Mes chers collègues,
A notre demande, nous abordons dès cette séance la discussion de l'article 13.
Chacun le sait bien, il est le coeur du débat autour de cette loi organique. Il instaure un crédit global qui menace le droit pour l'opposition comme pour chaque député d'amender et de défendre ses amendements.
Cette crainte a été exprimée par les députés SRC et GDR mais pas exclusivement.
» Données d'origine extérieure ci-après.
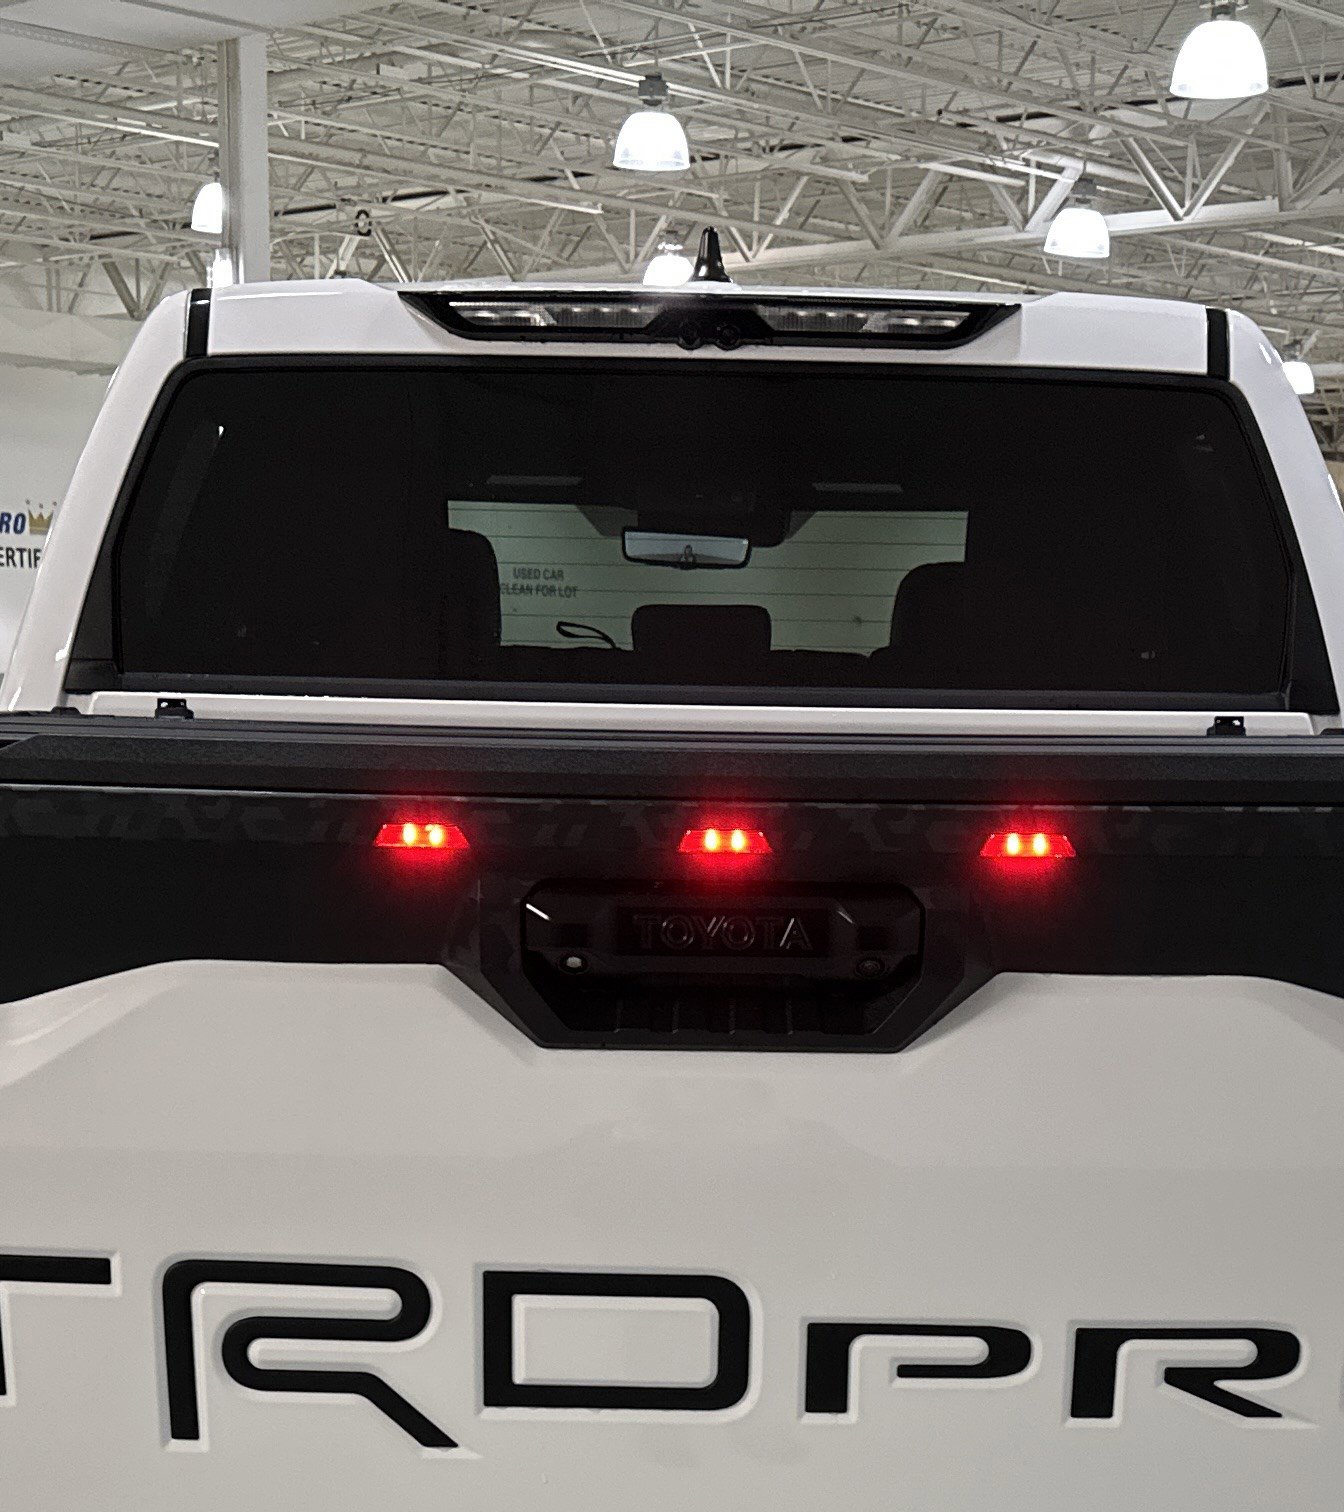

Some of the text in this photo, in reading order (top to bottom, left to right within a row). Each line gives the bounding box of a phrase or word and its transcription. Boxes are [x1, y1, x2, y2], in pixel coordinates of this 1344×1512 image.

[512, 567, 564, 582] USED CAR
[536, 583, 556, 598] FOR
[558, 584, 578, 598] LOT
[633, 914, 813, 951] TOYOTA
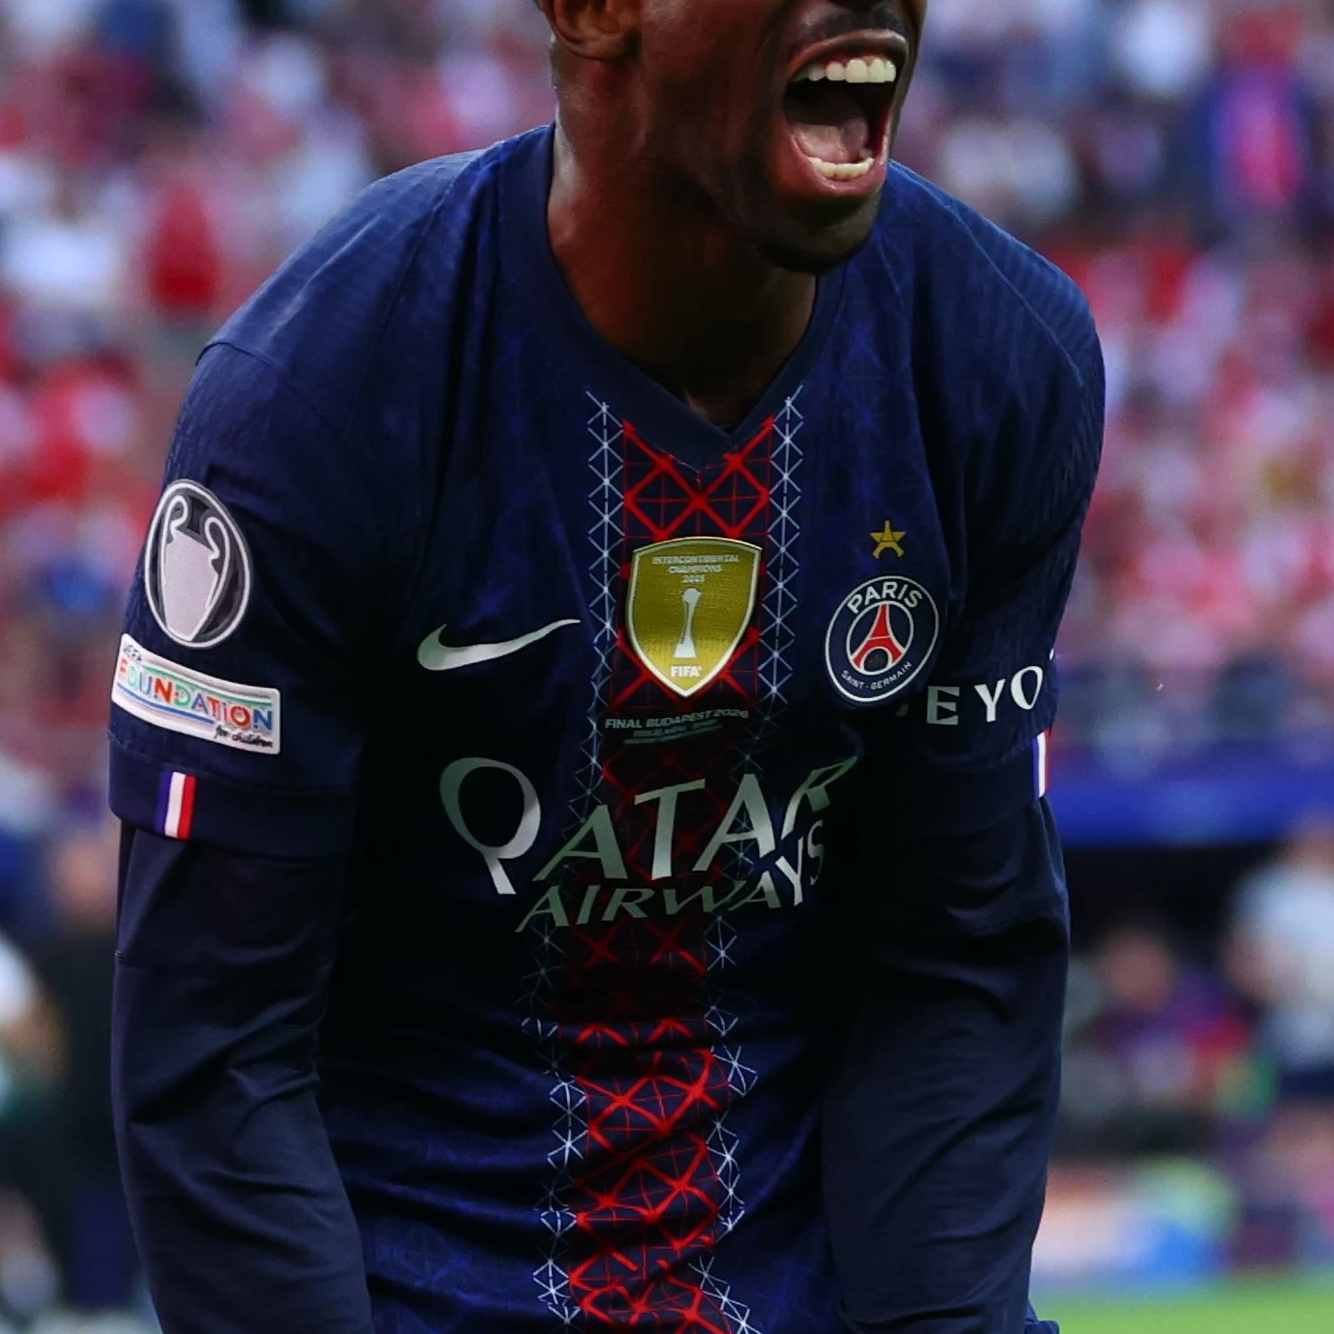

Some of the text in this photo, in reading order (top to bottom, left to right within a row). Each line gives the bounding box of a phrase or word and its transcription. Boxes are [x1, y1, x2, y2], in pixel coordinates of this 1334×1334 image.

[847, 581, 923, 614] PARIS
[670, 666, 700, 678] FIFA
[605, 718, 643, 729] FINAL
[646, 710, 713, 727] BUDAPEST
[713, 708, 749, 718] 2026
[439, 755, 858, 895] QATAR
[515, 819, 824, 932] AIRWAYS
Je vous renvoie aux expressions de Daniel Guarrigue, Lionel Tardy (UMP), Thierry Mariani, Hervé Mariton ou Henri Cuq pour ne reprendre que ceux qui ont exprimés publiquement leurs réticences.
Comment le gouvernement se justifie-t-il ?
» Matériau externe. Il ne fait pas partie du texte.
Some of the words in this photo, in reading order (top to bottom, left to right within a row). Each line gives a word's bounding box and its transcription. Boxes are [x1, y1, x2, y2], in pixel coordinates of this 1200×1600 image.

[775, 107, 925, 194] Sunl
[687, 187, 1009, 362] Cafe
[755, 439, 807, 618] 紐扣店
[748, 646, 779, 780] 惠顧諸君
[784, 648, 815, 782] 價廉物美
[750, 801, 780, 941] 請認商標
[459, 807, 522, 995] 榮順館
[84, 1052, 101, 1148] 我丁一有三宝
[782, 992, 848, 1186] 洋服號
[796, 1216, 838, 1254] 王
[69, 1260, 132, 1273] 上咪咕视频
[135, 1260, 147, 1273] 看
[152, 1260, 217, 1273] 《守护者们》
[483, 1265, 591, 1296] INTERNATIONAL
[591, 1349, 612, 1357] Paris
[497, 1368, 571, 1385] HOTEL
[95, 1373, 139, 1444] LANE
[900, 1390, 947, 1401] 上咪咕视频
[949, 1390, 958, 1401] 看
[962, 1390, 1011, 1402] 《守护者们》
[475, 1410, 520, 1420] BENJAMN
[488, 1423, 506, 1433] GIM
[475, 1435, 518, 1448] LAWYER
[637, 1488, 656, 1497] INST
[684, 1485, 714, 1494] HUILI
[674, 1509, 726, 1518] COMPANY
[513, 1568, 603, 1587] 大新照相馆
Sur son site Internet, on retrouve un argumentaire qui établit un parallélisme entre les limitations apportées à l'usage du 49-3 et par voie de conséquence, les possibles dérives de l'agenda parlementaire, ce qui suppose d'enfermer nos débats dans un « temps programmé ».
Comme cela a pu être observé par un observateur attentif de nos institutions (Patrick Roger sur le Monde.fr) ce parallélisme « revient à accréditer l'idée que par le biais de l'instauration du crédit temps, l'exécutif entend se dédommager de la concession faite lors de la réforme constitutionnelle » de juillet. En d'autres termes, ce qui a été donné d'une main nous est maintenant repris de l'autre. Ce qui nourrissait le discours du gouvernement sur un rééquilibrage des institutions au profit du Parlement nous est maintenant retiré.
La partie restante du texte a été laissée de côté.